● Assigned task:
Having read the records, set them all down exactly as they appear.
Segment Start: Entries supplied
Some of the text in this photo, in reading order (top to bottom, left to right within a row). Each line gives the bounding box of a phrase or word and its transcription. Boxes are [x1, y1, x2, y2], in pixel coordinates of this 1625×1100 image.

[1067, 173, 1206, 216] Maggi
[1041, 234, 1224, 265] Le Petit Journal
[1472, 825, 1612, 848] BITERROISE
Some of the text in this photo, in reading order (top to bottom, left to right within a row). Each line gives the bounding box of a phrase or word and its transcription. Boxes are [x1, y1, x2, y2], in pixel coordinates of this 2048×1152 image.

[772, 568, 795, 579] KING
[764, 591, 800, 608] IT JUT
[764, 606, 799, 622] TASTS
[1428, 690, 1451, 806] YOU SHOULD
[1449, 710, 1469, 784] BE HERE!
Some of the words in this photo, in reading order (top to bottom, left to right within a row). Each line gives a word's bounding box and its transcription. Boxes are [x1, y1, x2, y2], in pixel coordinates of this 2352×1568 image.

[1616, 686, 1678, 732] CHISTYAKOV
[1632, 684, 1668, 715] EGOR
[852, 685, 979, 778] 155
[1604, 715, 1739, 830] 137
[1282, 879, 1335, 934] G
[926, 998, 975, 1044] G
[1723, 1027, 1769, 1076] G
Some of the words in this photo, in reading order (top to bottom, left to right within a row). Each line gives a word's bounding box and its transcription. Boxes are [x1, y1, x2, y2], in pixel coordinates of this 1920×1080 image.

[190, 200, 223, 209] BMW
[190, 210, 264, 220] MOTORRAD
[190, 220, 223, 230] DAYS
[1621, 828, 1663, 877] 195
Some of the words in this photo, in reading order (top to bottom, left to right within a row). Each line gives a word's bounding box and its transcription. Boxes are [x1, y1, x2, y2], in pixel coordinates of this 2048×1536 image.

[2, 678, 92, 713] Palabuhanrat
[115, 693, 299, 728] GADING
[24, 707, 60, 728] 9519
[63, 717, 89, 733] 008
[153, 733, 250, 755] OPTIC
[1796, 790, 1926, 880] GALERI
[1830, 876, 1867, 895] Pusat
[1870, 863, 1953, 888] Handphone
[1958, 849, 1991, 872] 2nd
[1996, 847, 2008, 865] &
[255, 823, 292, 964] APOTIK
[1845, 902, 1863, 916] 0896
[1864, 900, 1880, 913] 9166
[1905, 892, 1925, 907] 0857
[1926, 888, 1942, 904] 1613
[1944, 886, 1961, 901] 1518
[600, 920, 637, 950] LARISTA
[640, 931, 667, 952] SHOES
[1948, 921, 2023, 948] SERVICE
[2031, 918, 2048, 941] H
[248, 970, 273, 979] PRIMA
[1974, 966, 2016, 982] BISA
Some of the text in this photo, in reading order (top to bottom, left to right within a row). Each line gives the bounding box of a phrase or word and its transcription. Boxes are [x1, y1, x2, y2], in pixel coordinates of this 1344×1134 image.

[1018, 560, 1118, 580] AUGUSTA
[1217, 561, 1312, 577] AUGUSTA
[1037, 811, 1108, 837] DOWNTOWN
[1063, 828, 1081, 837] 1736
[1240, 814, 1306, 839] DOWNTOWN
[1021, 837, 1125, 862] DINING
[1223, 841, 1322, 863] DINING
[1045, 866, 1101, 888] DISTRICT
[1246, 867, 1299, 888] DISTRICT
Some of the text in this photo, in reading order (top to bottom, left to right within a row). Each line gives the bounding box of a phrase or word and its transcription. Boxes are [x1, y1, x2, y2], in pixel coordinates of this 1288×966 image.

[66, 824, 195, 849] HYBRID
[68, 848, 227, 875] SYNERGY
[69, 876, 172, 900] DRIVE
Segment End: Entries supplied
● Answer below:
Some of the text in this photo, in reading order (top to bottom, left to right within a row). Each line gives the bounding box of a phrase or word and its transcription. Boxes are [x1, y1, x2, y2], in pixel coordinates of this 1625×1100 image.

[1067, 173, 1206, 216] Maggi
[1041, 234, 1224, 265] Le Petit Journal
[1472, 825, 1612, 848] BITERROISE
Some of the text in this photo, in reading order (top to bottom, left to right within a row). Each line gives the bounding box of a phrase or word and its transcription. Boxes are [x1, y1, x2, y2], in pixel coordinates of this 2048×1152 image.

[772, 568, 795, 579] KING
[764, 591, 800, 608] IT JUT
[764, 606, 799, 622] TASTS
[1428, 690, 1451, 806] YOU SHOULD
[1449, 710, 1469, 784] BE HERE!
Some of the words in this photo, in reading order (top to bottom, left to right within a row). Each line gives a word's bounding box and its transcription. Boxes are [x1, y1, x2, y2], in pixel coordinates of this 2352×1568 image.

[1616, 686, 1678, 732] CHISTYAKOV
[1632, 684, 1668, 715] EGOR
[852, 685, 979, 778] 155
[1604, 715, 1739, 830] 137
[1282, 879, 1335, 934] G
[926, 998, 975, 1044] G
[1723, 1027, 1769, 1076] G
Some of the words in this photo, in reading order (top to bottom, left to right within a row). Each line gives a word's bounding box and its transcription. Boxes are [x1, y1, x2, y2], in pixel coordinates of this 1920×1080 image.

[190, 200, 223, 209] BMW
[190, 210, 264, 220] MOTORRAD
[190, 220, 223, 230] DAYS
[1621, 828, 1663, 877] 195
Some of the words in this photo, in reading order (top to bottom, left to right within a row). Each line gives a word's bounding box and its transcription. Boxes are [x1, y1, x2, y2], in pixel coordinates of this 2048×1536 image.

[2, 678, 92, 713] Palabuhanrat
[115, 693, 299, 728] GADING
[24, 707, 60, 728] 9519
[63, 717, 89, 733] 008
[153, 733, 250, 755] OPTIC
[1796, 790, 1926, 880] GALERI
[1830, 876, 1867, 895] Pusat
[1870, 863, 1953, 888] Handphone
[1958, 849, 1991, 872] 2nd
[1996, 847, 2008, 865] &
[255, 823, 292, 964] APOTIK
[1845, 902, 1863, 916] 0896
[1864, 900, 1880, 913] 9166
[1905, 892, 1925, 907] 0857
[1926, 888, 1942, 904] 1613
[1944, 886, 1961, 901] 1518
[600, 920, 637, 950] LARISTA
[640, 931, 667, 952] SHOES
[1948, 921, 2023, 948] SERVICE
[2031, 918, 2048, 941] H
[248, 970, 273, 979] PRIMA
[1974, 966, 2016, 982] BISA
Some of the text in this photo, in reading order (top to bottom, left to right within a row). Each line gives the bounding box of a phrase or word and its transcription. Boxes are [x1, y1, x2, y2], in pixel coordinates of this 1344×1134 image.

[1018, 560, 1118, 580] AUGUSTA
[1217, 561, 1312, 577] AUGUSTA
[1037, 811, 1108, 837] DOWNTOWN
[1063, 828, 1081, 837] 1736
[1240, 814, 1306, 839] DOWNTOWN
[1021, 837, 1125, 862] DINING
[1223, 841, 1322, 863] DINING
[1045, 866, 1101, 888] DISTRICT
[1246, 867, 1299, 888] DISTRICT
Some of the text in this photo, in reading order (top to bottom, left to right within a row). Each line gives the bounding box of a phrase or word and its transcription. Boxes are [x1, y1, x2, y2], in pixel coordinates of this 1288×966 image.

[66, 824, 195, 849] HYBRID
[68, 848, 227, 875] SYNERGY
[69, 876, 172, 900] DRIVE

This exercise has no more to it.